[Saved entries]
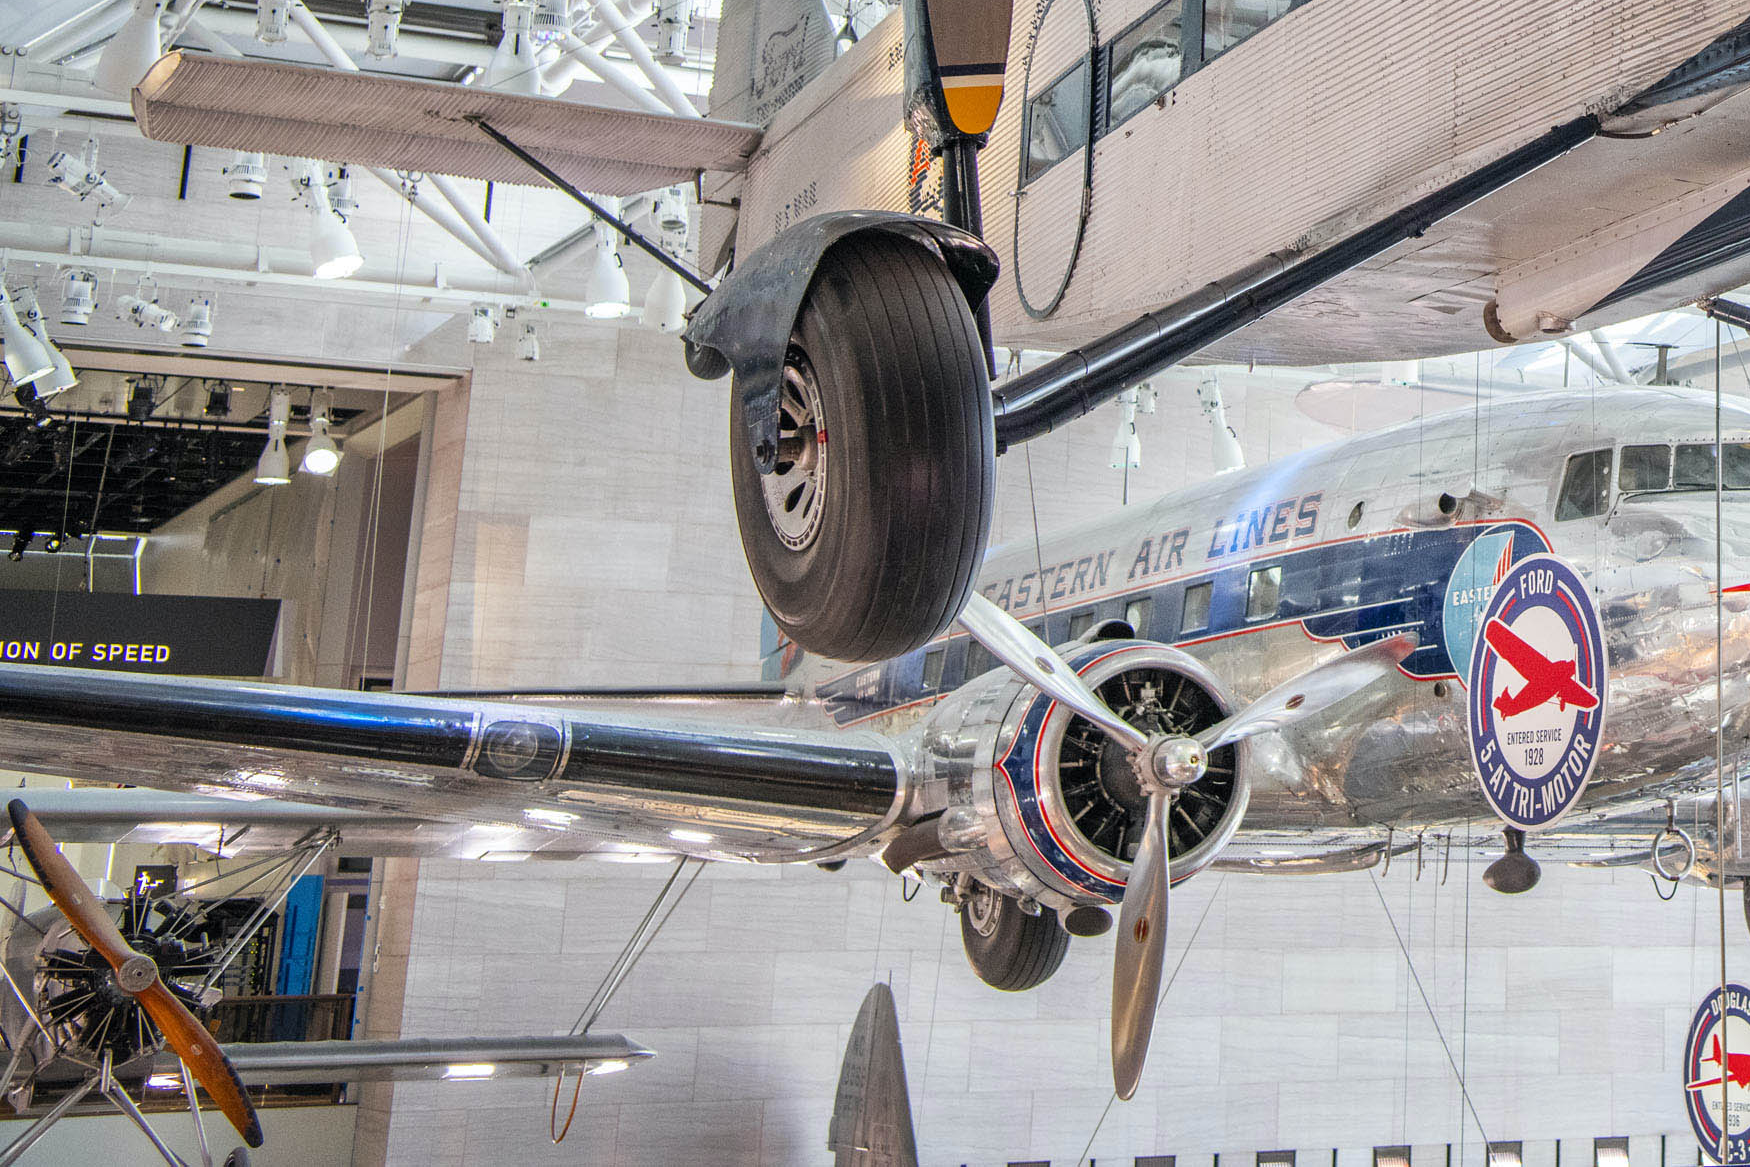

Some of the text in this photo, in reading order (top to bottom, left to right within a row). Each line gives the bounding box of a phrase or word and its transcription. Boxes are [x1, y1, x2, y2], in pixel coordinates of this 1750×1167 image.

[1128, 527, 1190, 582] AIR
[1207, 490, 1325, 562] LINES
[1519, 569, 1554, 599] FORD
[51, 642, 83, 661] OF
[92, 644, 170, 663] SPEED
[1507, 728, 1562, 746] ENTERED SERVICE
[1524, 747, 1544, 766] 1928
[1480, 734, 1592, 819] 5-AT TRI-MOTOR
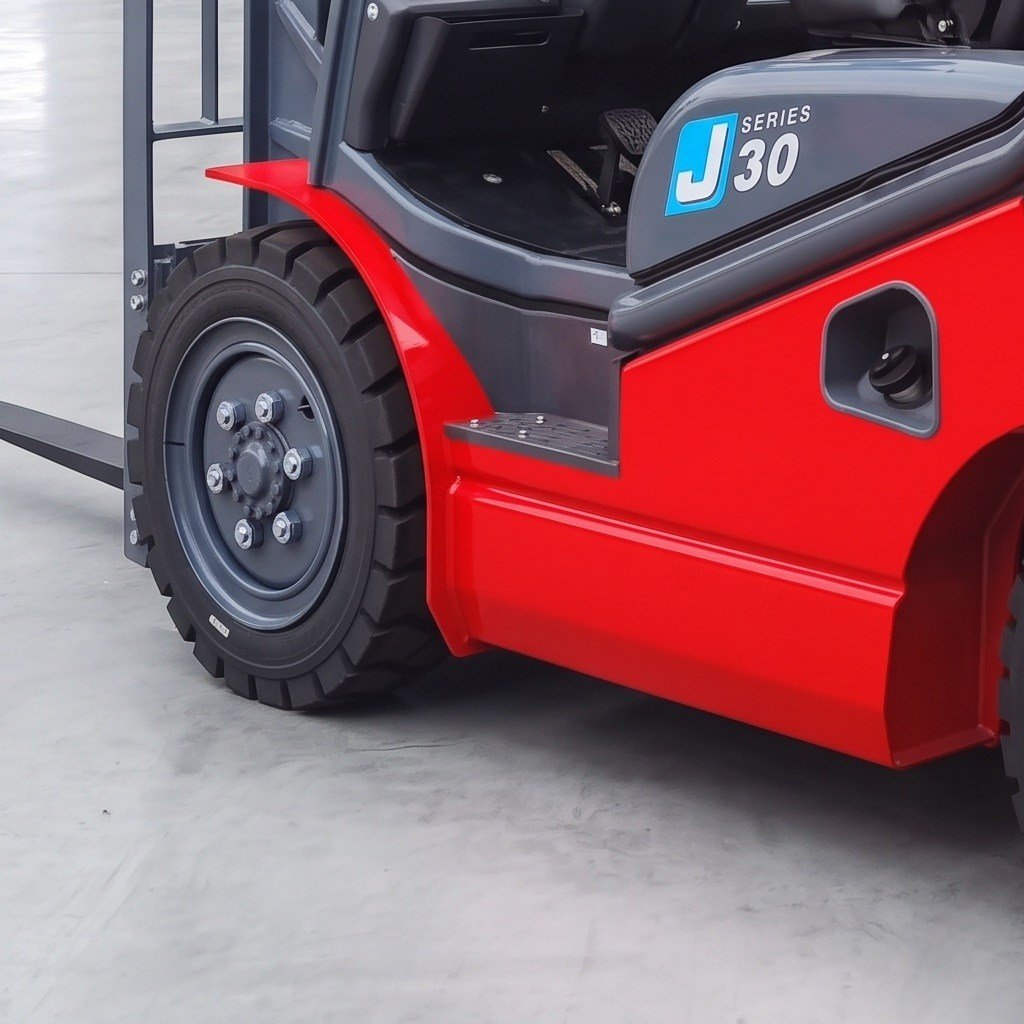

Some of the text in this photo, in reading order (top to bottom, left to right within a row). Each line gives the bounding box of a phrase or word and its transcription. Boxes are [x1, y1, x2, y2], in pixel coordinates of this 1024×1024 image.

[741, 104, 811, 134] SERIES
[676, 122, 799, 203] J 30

### What the exercise asks
Images are to be omitted; repeat the remaining data above exactly.

### Written answer
Some of the text in this photo, in reading order (top to bottom, left to right within a row). Each line gives the bounding box of a phrase or word and its transcription. Boxes are [x1, y1, x2, y2], in pixel coordinates of this 1750×1167 image.

[1128, 527, 1190, 582] AIR
[1207, 490, 1325, 562] LINES
[1519, 569, 1554, 599] FORD
[51, 642, 83, 661] OF
[92, 644, 170, 663] SPEED
[1507, 728, 1562, 746] ENTERED SERVICE
[1524, 747, 1544, 766] 1928
[1480, 734, 1592, 819] 5-AT TRI-MOTOR

Some of the text in this photo, in reading order (top to bottom, left to right within a row). Each line gives the bounding box of a phrase or word and its transcription. Boxes are [x1, y1, x2, y2], in pixel coordinates of this 1024×1024 image.

[741, 104, 811, 134] SERIES
[676, 122, 799, 203] J 30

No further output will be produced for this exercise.